Ragusa, l'ospedale Arezzo di Ibla ancora al freddo

Le rassicurazioni del Direttore Generale dell’Asp di Ragusa, Maurizio Aricò, e la promessa che l’impianto di riscaldamento dell’ospedale Maria Paternò Arezzo sarebbe ripristinato e rimesso in funzione entro il prossimo 30 novembre, non sono servite evidentemente a far cessare proteste e polemiche. La deputata nazionale del Movimento 5 stelle, MariaLucia Lorefice, infatti, lamenta che “si debba arrivare sempre con i tempi stretti anche per la naturale e necessaria manutenzione che, ovviamente, avrebbe dovuto essere fatta prima che le temperature calassero, ovvero prima dell’arrivo dell’inverno”.

La parlamentare grillina poi, in merito alla data del 30 novembre per il previsto ripristino del riscaldamento, osserva che “tale data non ha alcun riscontro con la necessità impellente che si trovi una soluzione, sia pure alternativa e momentanea, dato che trattasi di un ospedale ove i degenti stanno soffrendo il freddo di questi giorni e di queste notti e, ove, com’è ben noto alla Direzione ospedaliera, i pazienti sono esposti alle basse temperature quando sottoposti ad esami che richiedono la svestizione.
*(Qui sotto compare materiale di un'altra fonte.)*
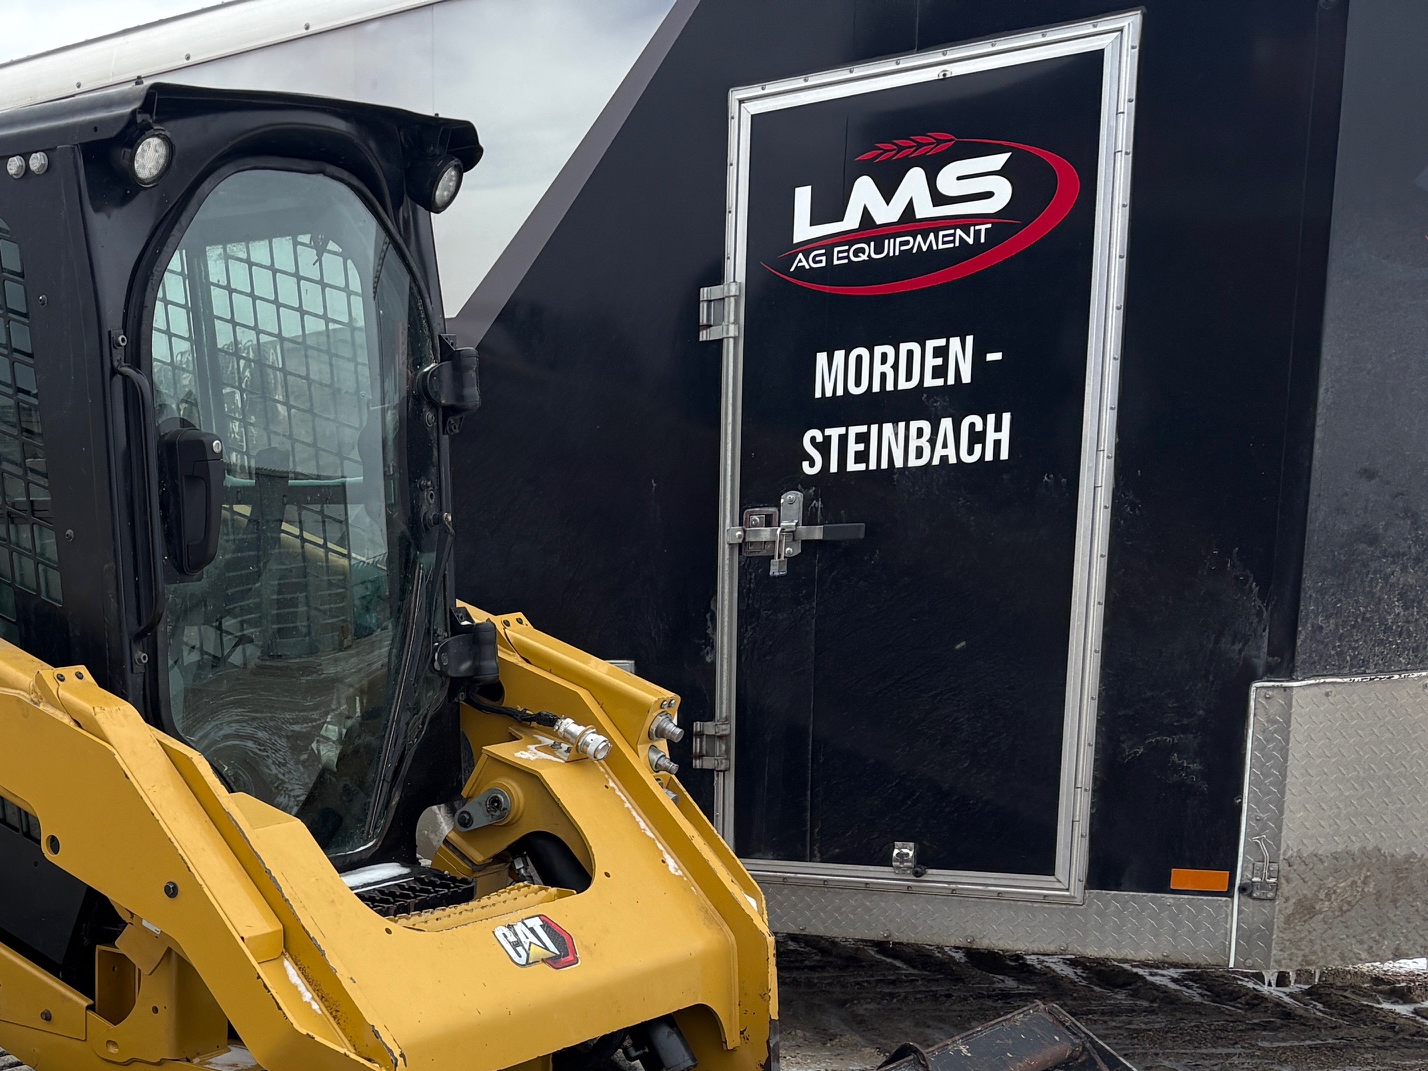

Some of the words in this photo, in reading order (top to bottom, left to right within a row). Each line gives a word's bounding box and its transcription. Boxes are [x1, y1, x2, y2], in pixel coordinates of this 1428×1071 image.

[792, 151, 1013, 244] LMS
[789, 248, 827, 272] AG
[832, 223, 993, 266] EQUIPMENT
[814, 334, 974, 399] MORDEN
[801, 411, 1012, 476] STEINBACH
[494, 916, 561, 965] CAT
Cosa ancora più grave è che nello stesso presidio ospedaliero sono presenti l’unità di terapia intensiva neonatale e il reparto di pediatria, per cui gli esami vengono eseguiti anche su pazienti molto piccoli che, va da sé, dovrebbero stare al caldo e non al gelo.

Invito ancora una volta la Direzione a trovare una soluzione tempestiva, fosse anche provvisoria, per rimuovere immediatamente tale situazione di grave disagio venutasi a creare e che si protrae già da settimane così da permettere agli operatori del presidio di espletare al meglio la propria funzione e ai pazienti di godere di una degenza dignitosa”. Sulla questione era intervenuto anche il presidente del laboratorio 2.0, Livio Tumino che aveva auspicato che “i vertici dell’Azienda Sanitaria Provinciale di Ragusa si attivassero celermente per risolvere il problema” ritenendo che “la sanità ragusana, in particolare al Paternò Arezzo, soffre già di alcuni problemi come lo smantellamento del reparto di Neurologia o la carenza di personale in Ostetricia. Aggiungere a questi disagi anche quello del freddo ci sembra eccessivo”.